The next day my mom called me and asked what was new since we had last spoken. “Well, this really cute, sweet guy was trying to date me but I wasn’t sure if it was God’s plan — so I told him we couldn’t move forward.”

My mom had never been the type to push me toward dating someone--that’s why what she said next shocked me: “Sweetie, I think your heart is in the right place. But sometimes in life you have to let go of control so that God has room to move. And who knows, maybe you’re meant to help Sam along in his journey with the Lord.” And just like that, I had my answer.

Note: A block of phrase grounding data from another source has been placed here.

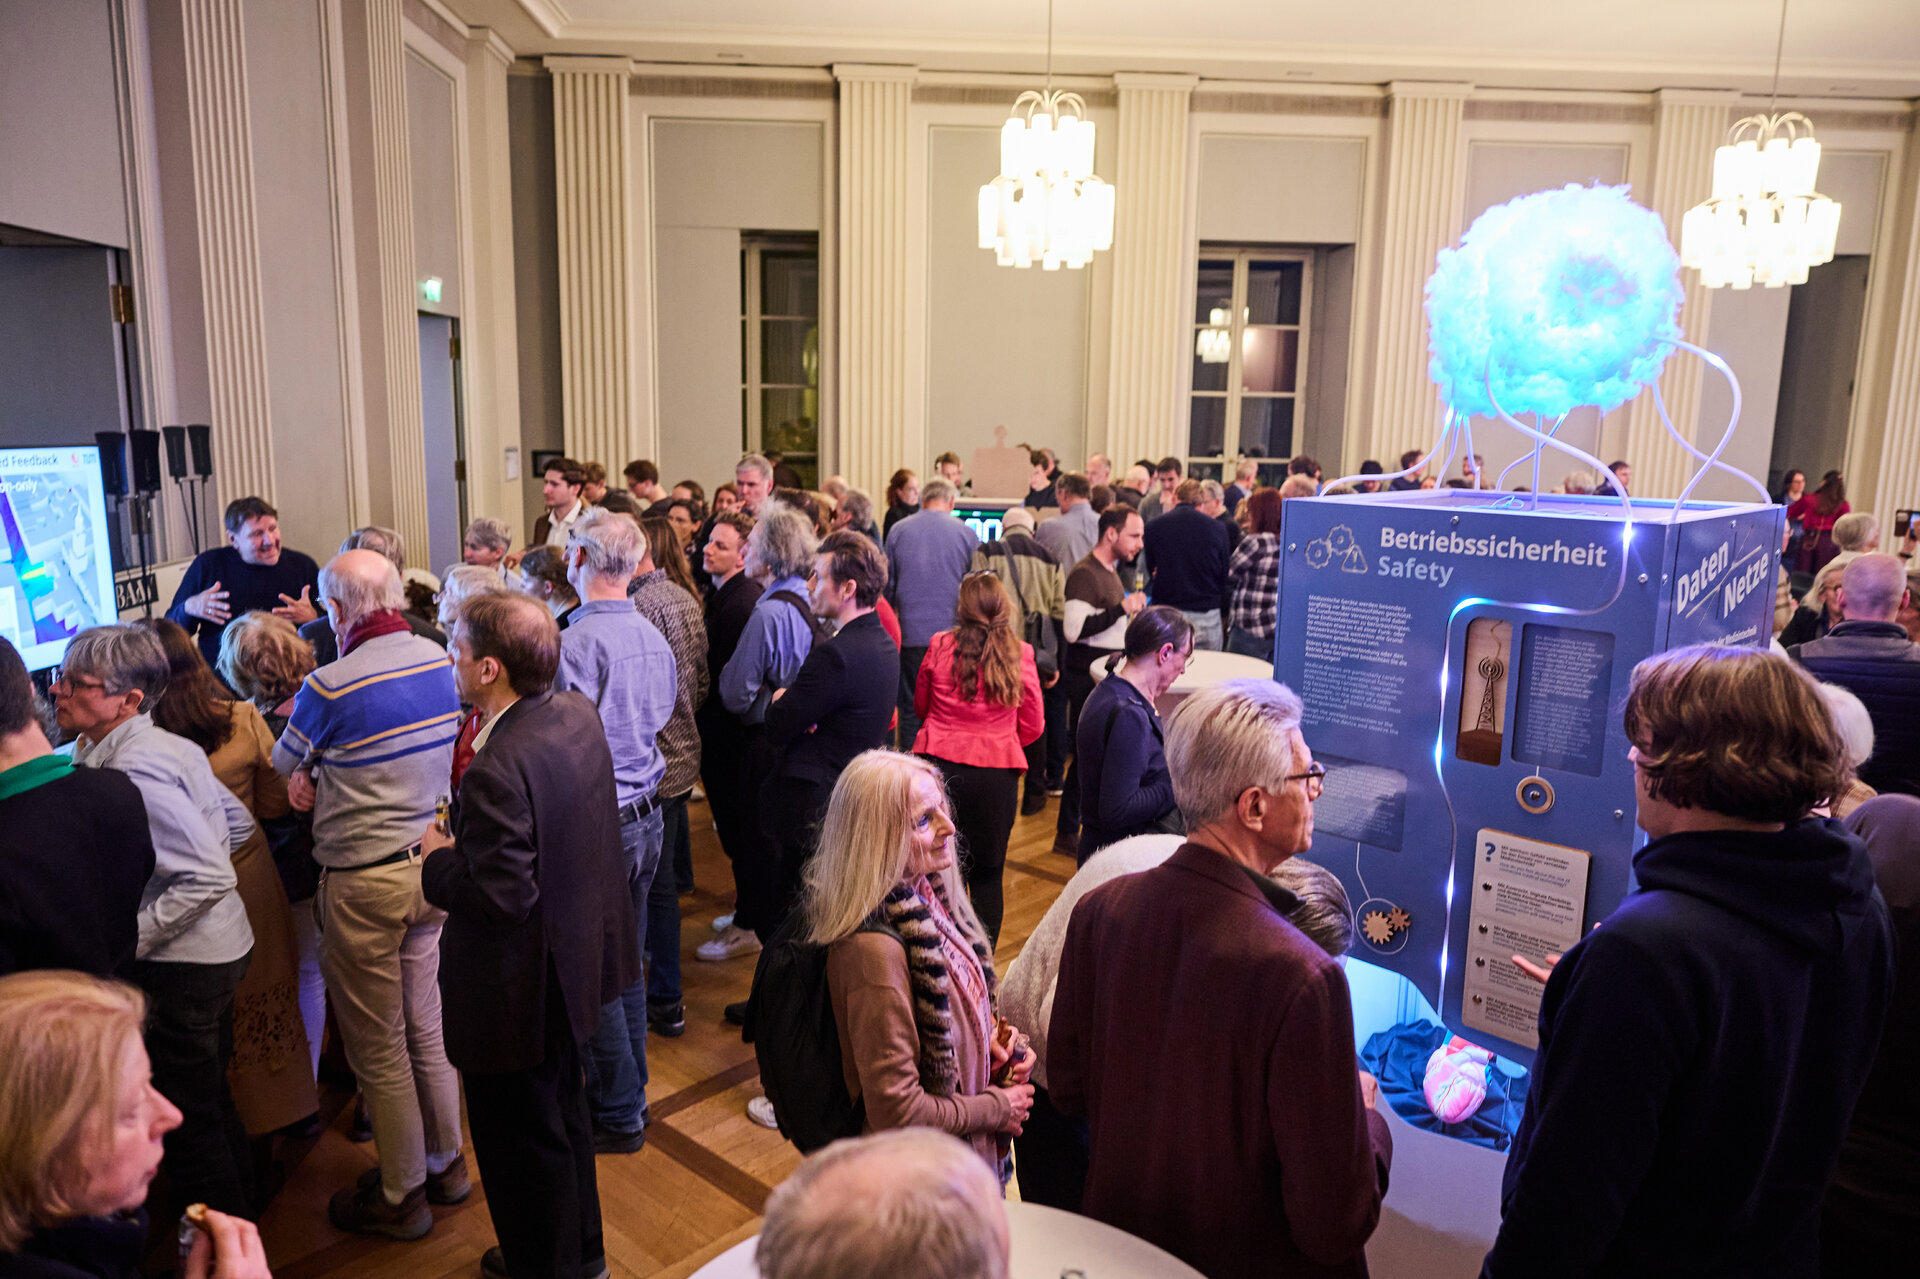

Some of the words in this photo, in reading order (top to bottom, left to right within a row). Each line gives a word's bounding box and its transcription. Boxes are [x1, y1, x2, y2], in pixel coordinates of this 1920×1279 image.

[12, 453, 58, 467] Feedback
[1380, 527, 1608, 567] Betriebssicherheit
[1377, 555, 1454, 588] Safety
[1677, 541, 1729, 615] Daten
[1723, 552, 1769, 619] Netze

In my desperate attempt to make myself more Christ-like, I had failed to understand something crucial about the nature of God. He doesn’t ask us to be perfect. He simply wants us to humble ourselves so that He can transform our lives and bring hope into our circumstances. His ways are higher than our own (Isaiah 55:8-9).


After talking to my mom, I went back to Sam apologetically and told him that if he was still interested, I was ready to start dating. We started going to church and reading Christian books together (something I had never done before), and ten months later, we were engaged.

In this process, God taught me that marriage is not about finding someone once you’re “perfect.” Rather, it’s a life-long commitment to grow with another person, and to encourage each other to become the person God created you to be. When we allow God to guide us, He works everything out in perfect timing.